Copy the entries below exactly; any picture among them should be left out.

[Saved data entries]
----------

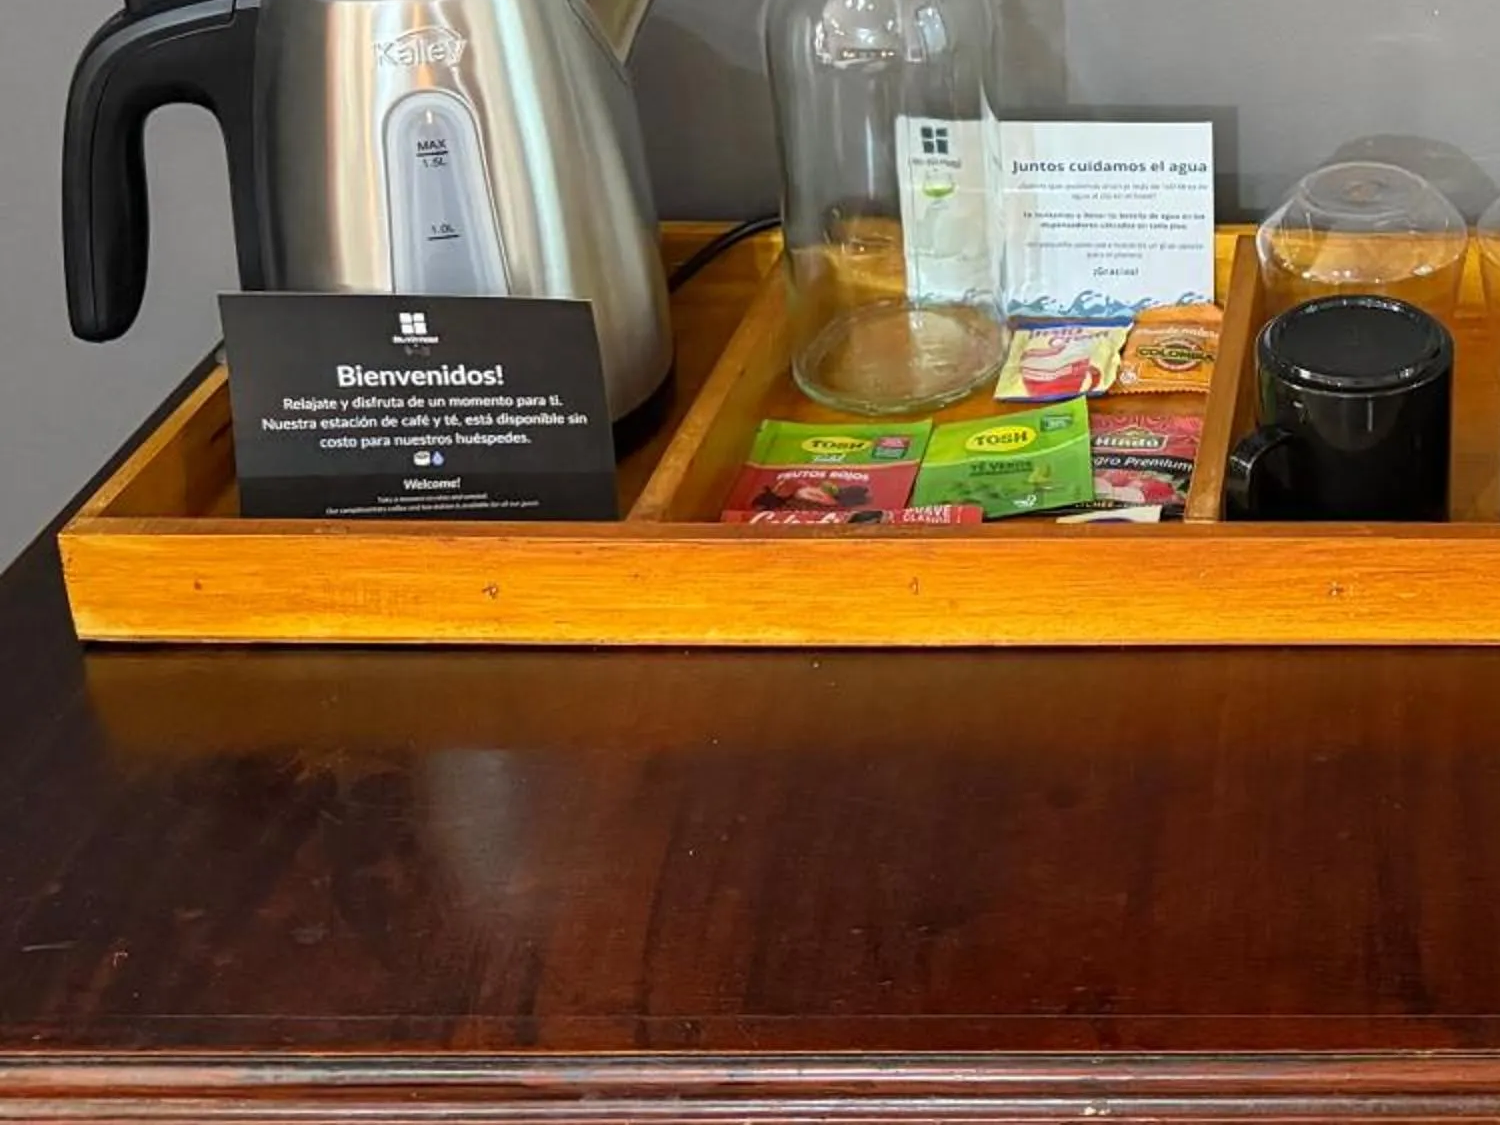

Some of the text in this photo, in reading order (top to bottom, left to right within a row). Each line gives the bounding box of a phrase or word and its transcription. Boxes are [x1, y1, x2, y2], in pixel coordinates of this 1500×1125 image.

[417, 138, 447, 152] MAX
[422, 157, 447, 168] 1.5L
[1012, 160, 1208, 175] Juntos cuidamos el agua
[336, 364, 505, 388] Bienvenidos!
[283, 394, 564, 411] Relajate y disfruta de un momento para ti.
[261, 418, 317, 431] Nuestra
[320, 415, 378, 429] estación
[381, 415, 398, 427] de
[401, 413, 430, 427] café
[432, 416, 442, 428] y
[464, 413, 494, 425] está
[496, 413, 565, 427] disponible
[567, 413, 588, 424] sin
[319, 432, 533, 449] costo para nuestros huéspedes.
[811, 439, 865, 451] TOSH
[973, 430, 1029, 446] TOSH
[1093, 455, 1193, 472] gro Premium
[403, 477, 462, 490] Welcome!
[776, 470, 870, 482] FRUTOS ROJOS
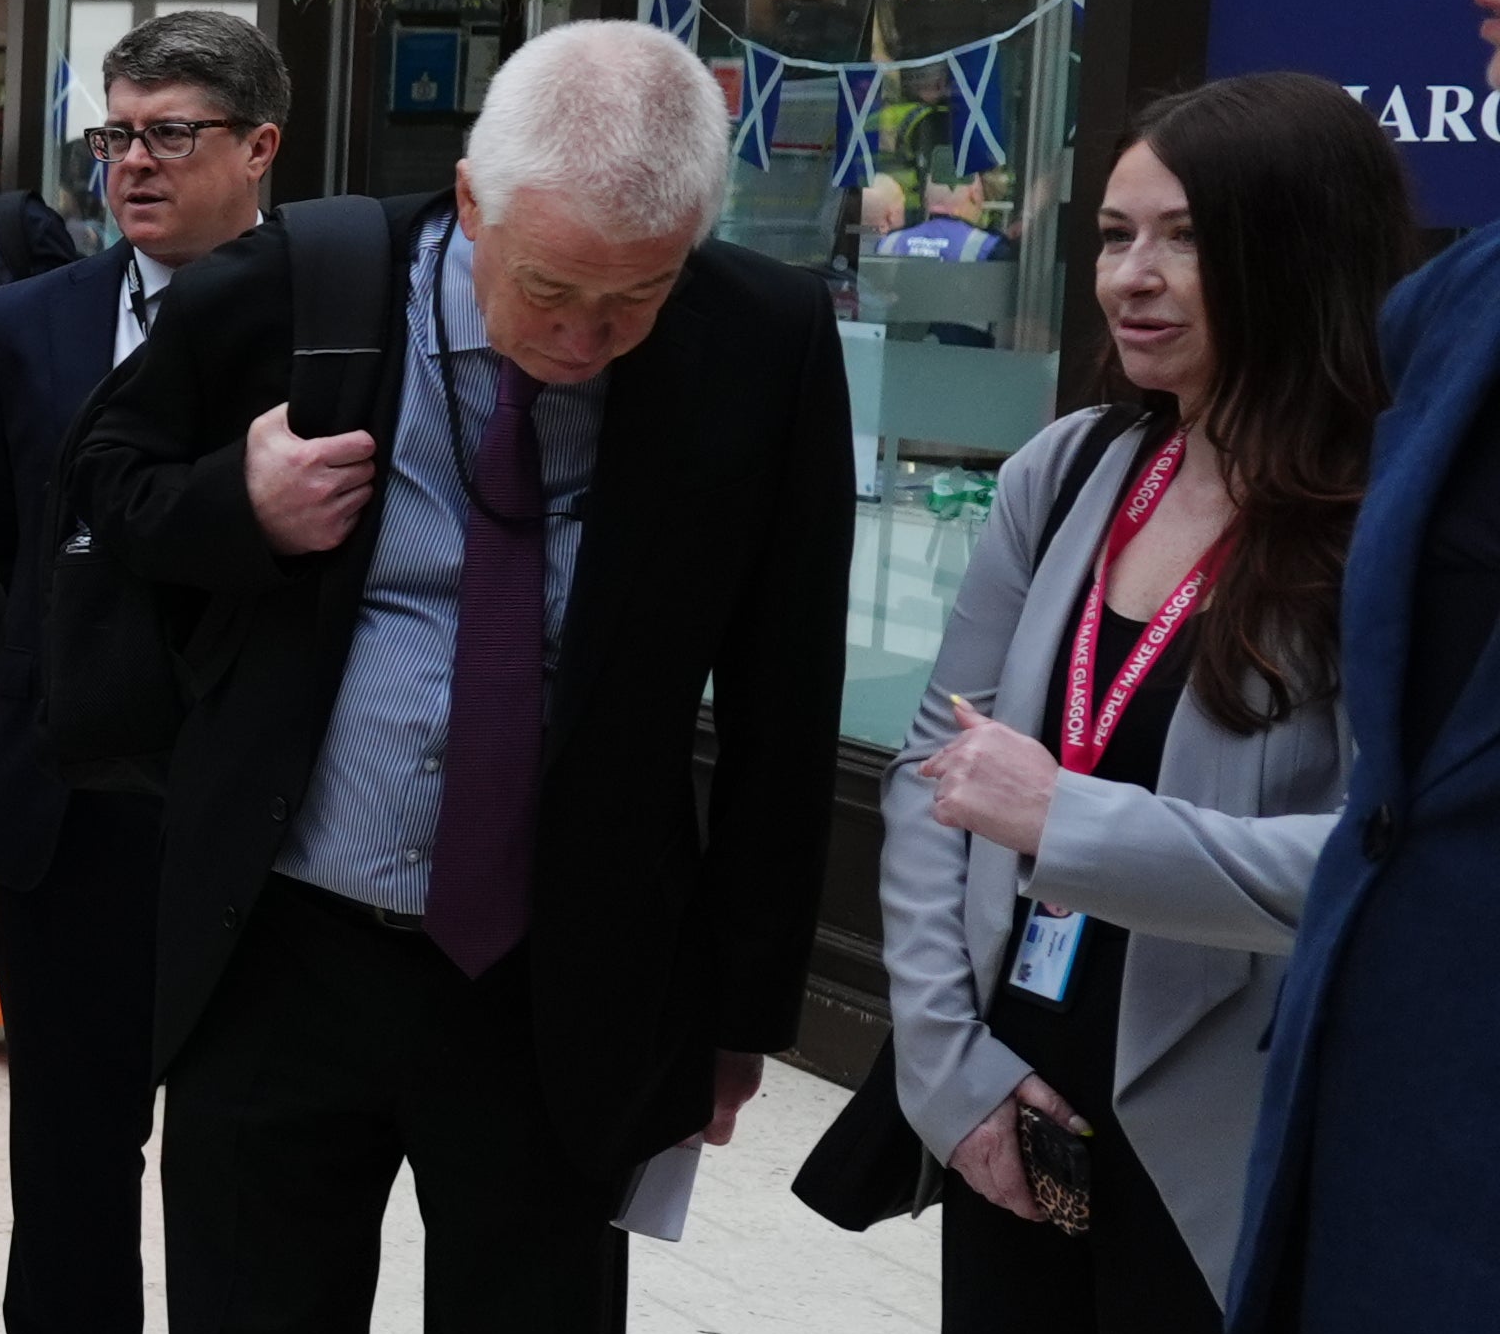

----------

• [Worked solution]
Some of the text in this photo, in reading order (top to bottom, left to right within a row). Each line gives the bounding box of a phrase or word and its transcription. Boxes are [x1, y1, x2, y2], in pixel coordinates of this 1500×1125 image.

[417, 138, 447, 152] MAX
[422, 157, 447, 168] 1.5L
[1012, 160, 1208, 175] Juntos cuidamos el agua
[336, 364, 505, 388] Bienvenidos!
[283, 394, 564, 411] Relajate y disfruta de un momento para ti.
[261, 418, 317, 431] Nuestra
[320, 415, 378, 429] estación
[381, 415, 398, 427] de
[401, 413, 430, 427] café
[432, 416, 442, 428] y
[464, 413, 494, 425] está
[496, 413, 565, 427] disponible
[567, 413, 588, 424] sin
[319, 432, 533, 449] costo para nuestros huéspedes.
[811, 439, 865, 451] TOSH
[973, 430, 1029, 446] TOSH
[1093, 455, 1193, 472] gro Premium
[403, 477, 462, 490] Welcome!
[776, 470, 870, 482] FRUTOS ROJOS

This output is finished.